Start to finish, reproduce the records below with nothing missing.
SUPPLIED DATA START
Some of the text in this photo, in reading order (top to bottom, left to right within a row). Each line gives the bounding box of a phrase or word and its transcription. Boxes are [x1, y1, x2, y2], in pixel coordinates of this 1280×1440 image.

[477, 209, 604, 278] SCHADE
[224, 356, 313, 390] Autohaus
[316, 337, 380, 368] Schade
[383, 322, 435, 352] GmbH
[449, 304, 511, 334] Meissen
SUPPLIED DATA END
■ **EXPECTED ANSWER**:
Some of the text in this photo, in reading order (top to bottom, left to right within a row). Each line gives the bounding box of a phrase or word and its transcription. Boxes are [x1, y1, x2, y2], in pixel coordinates of this 1280×1440 image.

[477, 209, 604, 278] SCHADE
[224, 356, 313, 390] Autohaus
[316, 337, 380, 368] Schade
[383, 322, 435, 352] GmbH
[449, 304, 511, 334] Meissen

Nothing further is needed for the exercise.